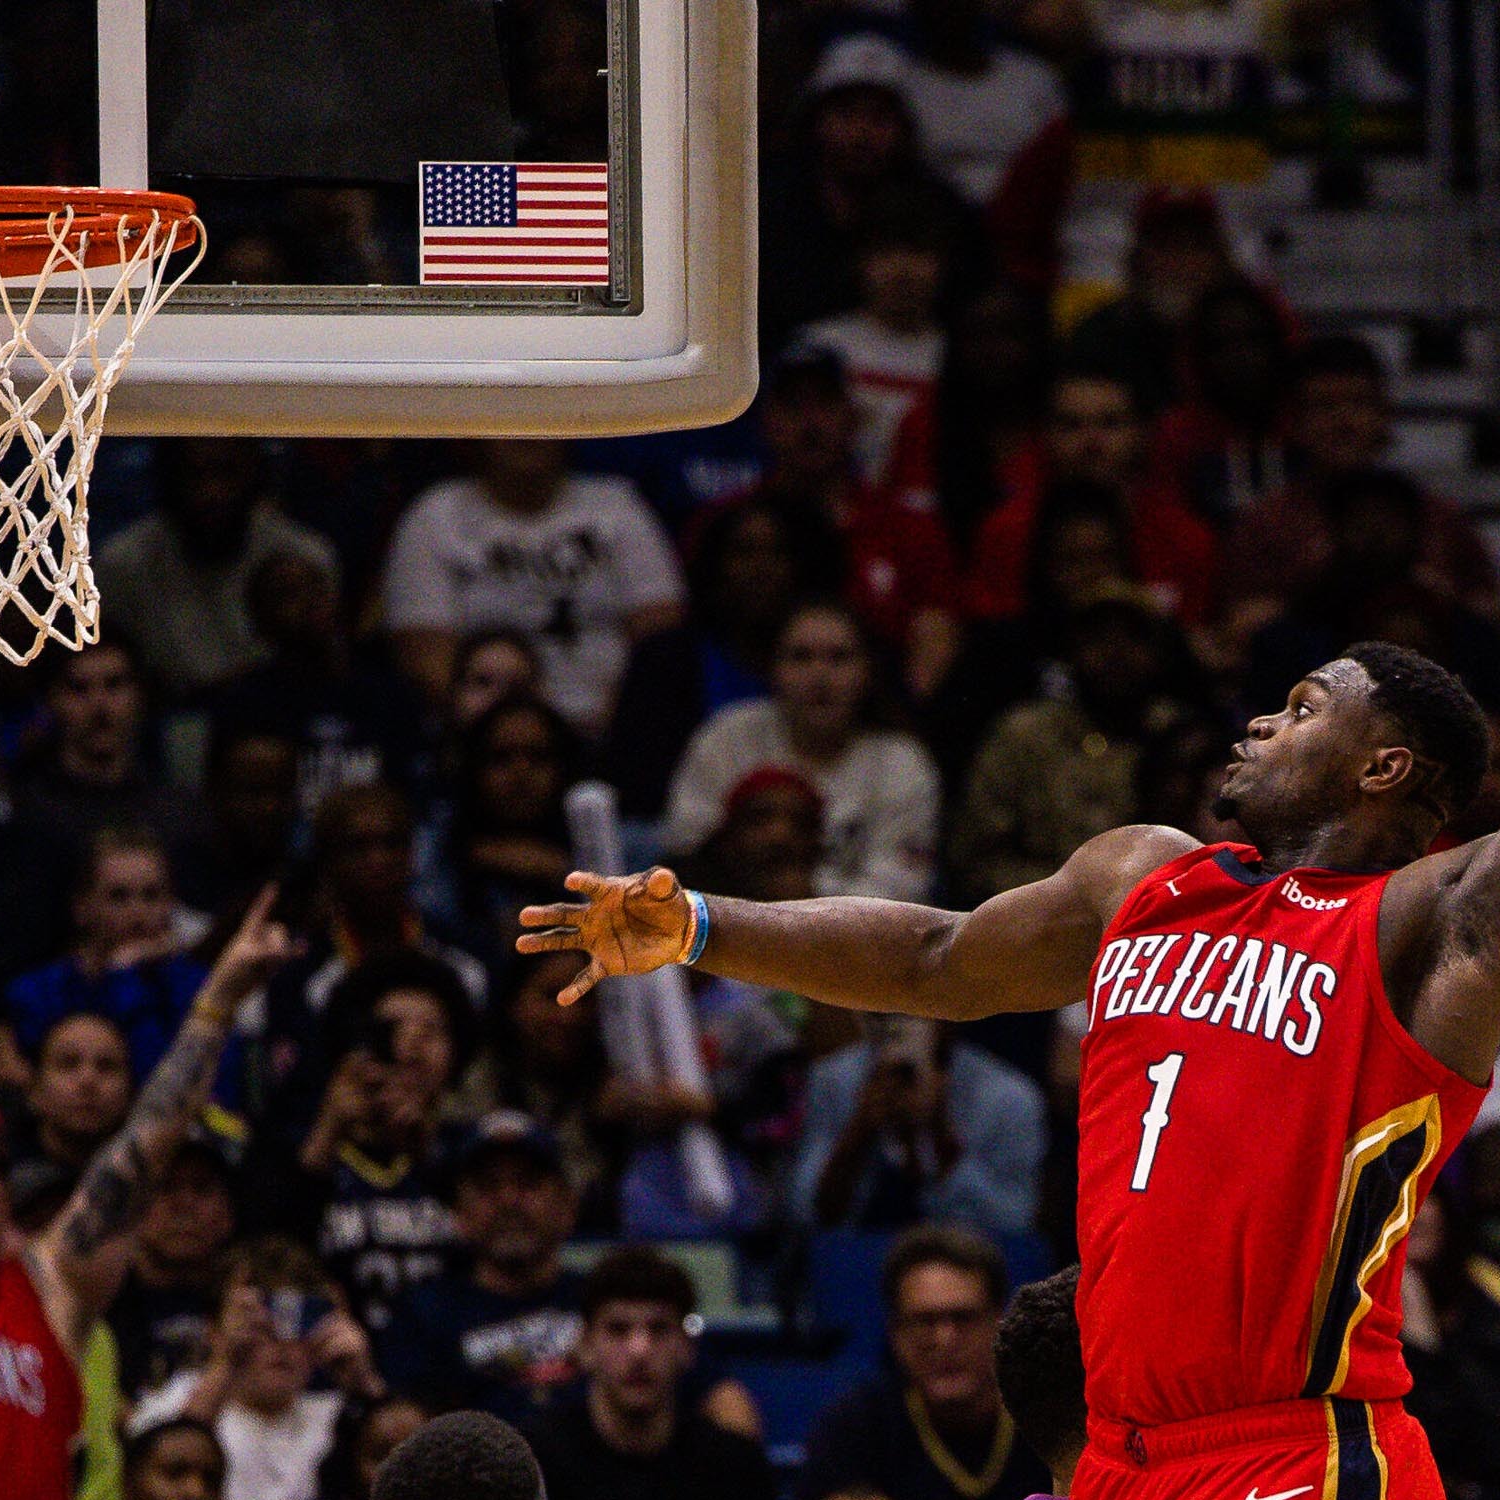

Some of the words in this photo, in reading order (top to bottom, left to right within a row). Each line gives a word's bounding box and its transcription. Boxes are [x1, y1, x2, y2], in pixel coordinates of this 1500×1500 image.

[1280, 877, 1348, 911] ibotta
[1088, 931, 1338, 1057] PELICANS
[1129, 1052, 1186, 1192] 1
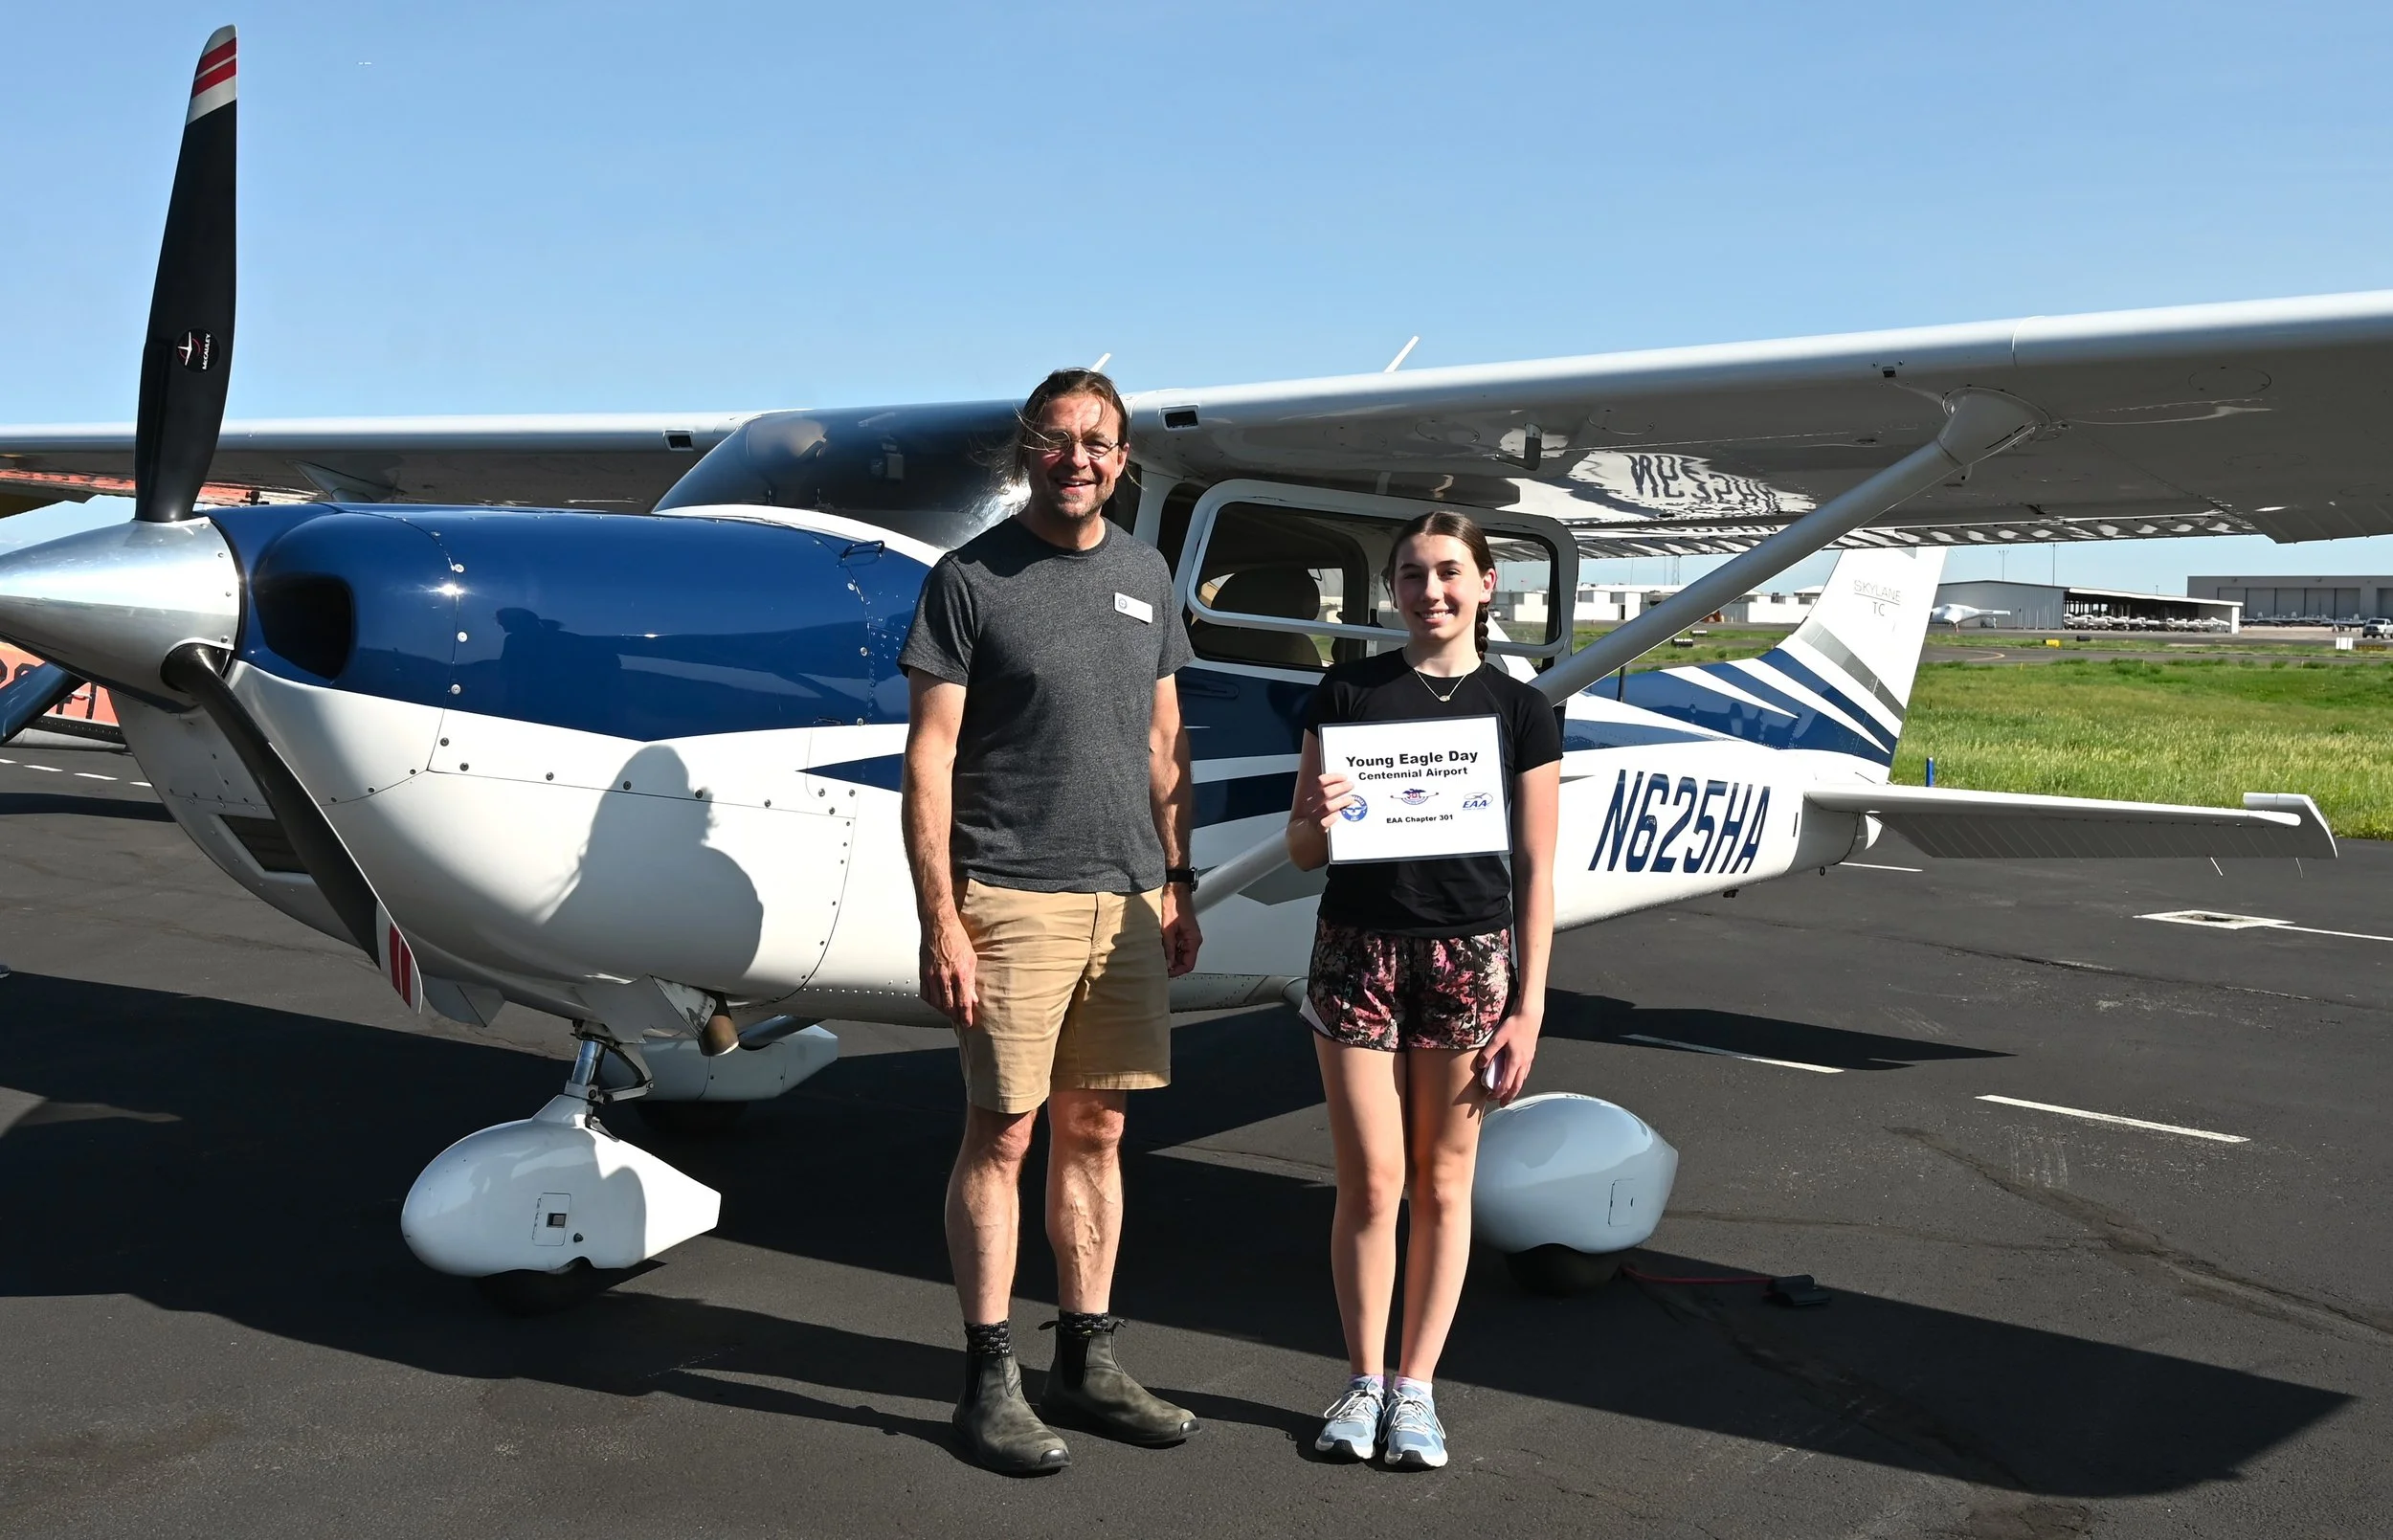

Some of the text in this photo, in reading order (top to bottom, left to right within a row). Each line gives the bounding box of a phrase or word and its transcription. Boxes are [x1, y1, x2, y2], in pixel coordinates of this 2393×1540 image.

[1853, 579, 1901, 603] SKYLANE
[1346, 750, 1478, 769] Young Eagle Day
[1358, 767, 1468, 781] Centennial Airport
[1462, 799, 1487, 809] EAA
[1404, 815, 1437, 824] Chapter
[1587, 769, 1771, 875] N625HA

------------------------------------------------------------

Task to carry out. Here the job is to print the data above exactly, except for any pictures.

Answer below.
Some of the words in this photo, in reading order (top to bottom, left to right within a row). Each line gives a word's bounding box and its transcription. Boxes are [x1, y1, x2, y2], in pixel coordinates of this 1500×1500 image.

[1280, 877, 1348, 911] ibotta
[1088, 931, 1338, 1057] PELICANS
[1129, 1052, 1186, 1192] 1

Some of the text in this photo, in reading order (top to bottom, left to right within a row). Each line gives the bounding box of a phrase or word and its transcription. Boxes are [x1, y1, x2, y2], in pixel coordinates of this 2393×1540 image.

[1853, 579, 1901, 603] SKYLANE
[1346, 750, 1478, 769] Young Eagle Day
[1358, 767, 1468, 781] Centennial Airport
[1462, 799, 1487, 809] EAA
[1404, 815, 1437, 824] Chapter
[1587, 769, 1771, 875] N625HA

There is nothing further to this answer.